_Task to carry out_
Set down the data below word for word, and leave the images aside.

********

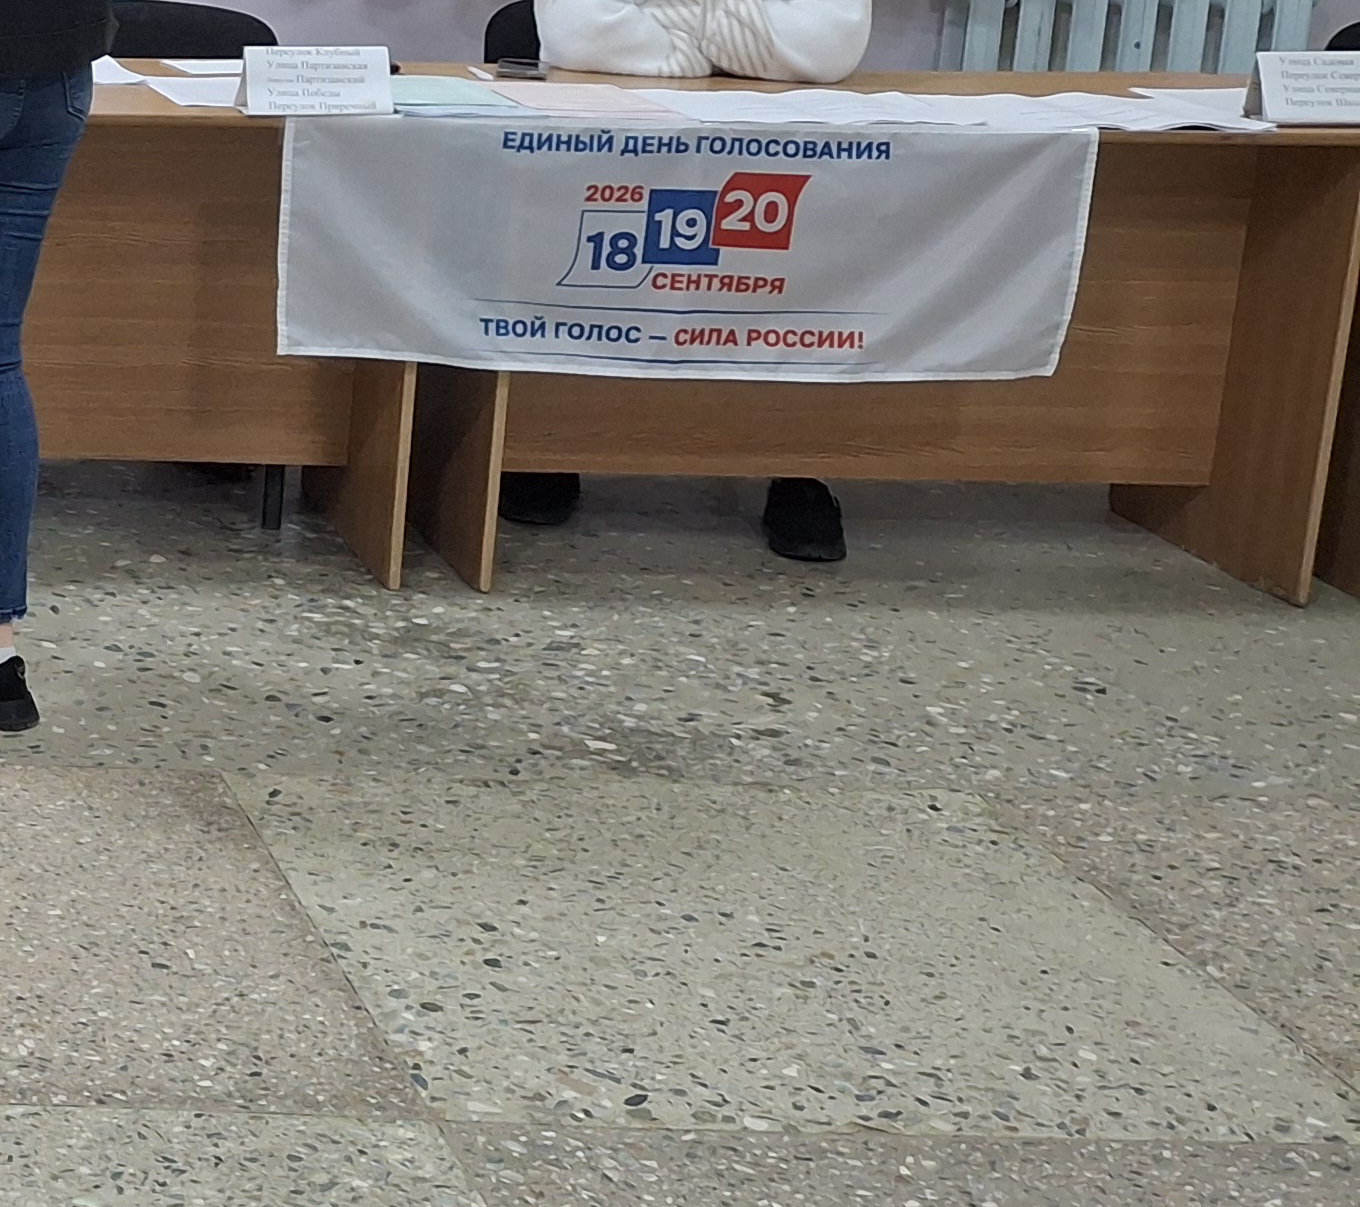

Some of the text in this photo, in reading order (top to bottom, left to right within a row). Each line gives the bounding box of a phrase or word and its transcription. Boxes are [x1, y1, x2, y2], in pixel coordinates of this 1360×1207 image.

[502, 129, 891, 161] ЕДИНЫЙ ДЕНЬ ГОЛОСОВАНИЯ
[584, 184, 645, 203] 2026
[586, 189, 789, 272] 18 19 20
[651, 272, 786, 295] СЕНТЯБРЯ
[480, 315, 547, 339] ТВОЙ
[554, 322, 642, 344] ГОЛОС
[674, 328, 739, 347] СИЛА
[746, 328, 864, 350] РОССИИ!

********

_Answer area_
Some of the text in this photo, in reading order (top to bottom, left to right within a row). Each line gives the bounding box of a phrase or word and its transcription. Boxes are [x1, y1, x2, y2], in pixel coordinates of this 1360×1207 image.

[502, 129, 891, 161] ЕДИНЫЙ ДЕНЬ ГОЛОСОВАНИЯ
[584, 184, 645, 203] 2026
[586, 189, 789, 272] 18 19 20
[651, 272, 786, 295] СЕНТЯБРЯ
[480, 315, 547, 339] ТВОЙ
[554, 322, 642, 344] ГОЛОС
[674, 328, 739, 347] СИЛА
[746, 328, 864, 350] РОССИИ!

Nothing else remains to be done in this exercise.